In a statement, Haiping Lu, Professor of machine learning at Sheffield University, said: “We designed the AI with two primary objectives. Firstly, we want the AI to capture how drugs interact with their targets at a finer scale, as this could provide useful biological insights to help researchers understand these interactions on a molecular level. Secondly, we want the tool to be able to predict what these interactions will be with new drugs or targets to help accelerate the overall prediction process. The study we've published…shows our AI model does both of these.”
According to the team, the key to the AI’s design is how the model learns pairwise substructure interactions, which are the multiple interactions that can take place between substructures of drug compounds and proteins in the body. Most existing drug prediction AI learns from whole representations of drugs and proteins, which don’t capture their substructures and provide less useful insights.
In the next stage of the AI’s development, the team plans to use more in-depth data on the structure of compounds and proteins to make the AI even more accurate.

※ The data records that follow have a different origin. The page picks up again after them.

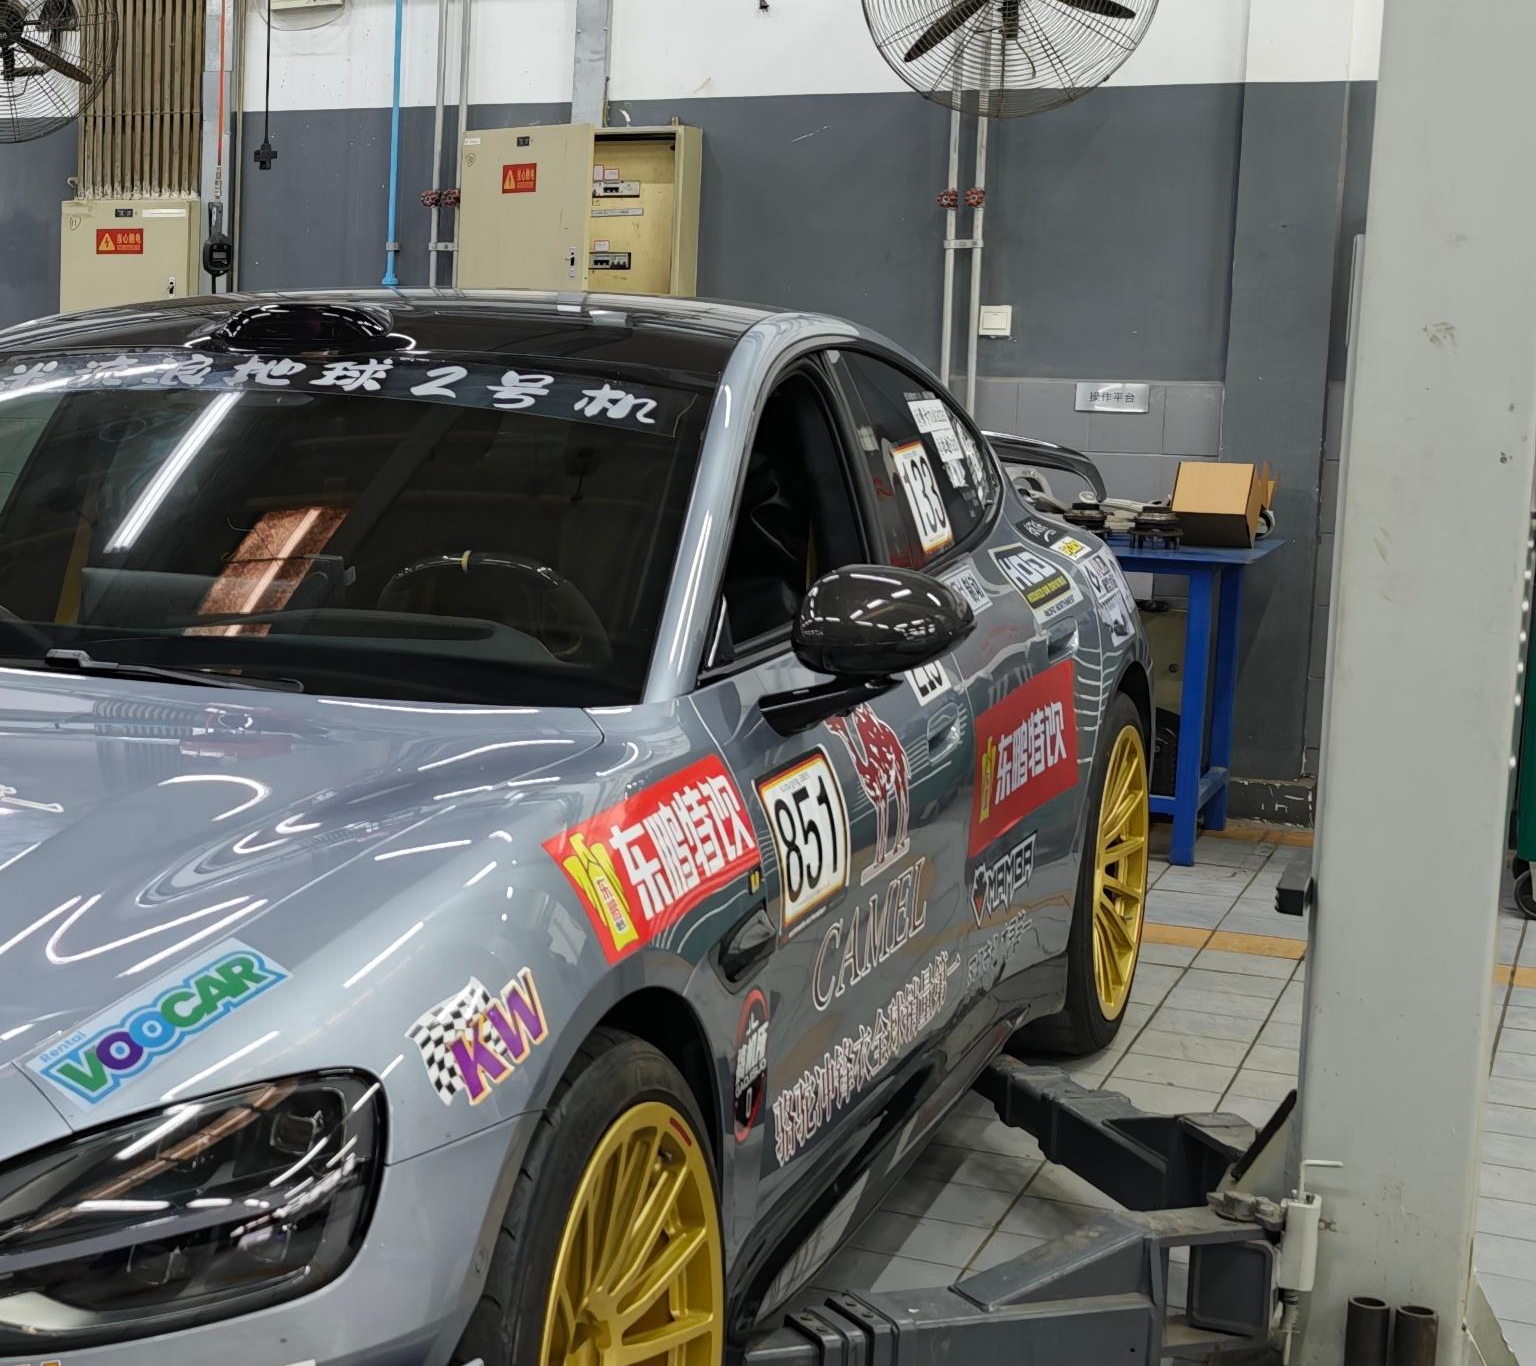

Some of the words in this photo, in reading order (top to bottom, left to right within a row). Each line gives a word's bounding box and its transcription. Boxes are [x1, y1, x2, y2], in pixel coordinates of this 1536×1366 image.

[902, 454, 947, 537] 133
[995, 701, 1067, 805] 东鹏特饮
[609, 775, 756, 921] 东鹏特饮
[774, 774, 838, 903] 851
[812, 856, 927, 1011] CAMEL
[56, 956, 269, 1093] VOOCAR
[448, 967, 548, 1105] KW

Dr Bino John, director of Data Science, Clinical Pharmacology and Safety Sciences (CPSS), at AstraZeneca, said: “A key novelty of DrugBAN is its reliance on a bilinear attention network that allows it to learn interactions from substructures of both drugs and their targets simultaneously. We have also made the source code freely available to the public, which hopefully will support more AI approaches that will continue to accelerate drug discovery.”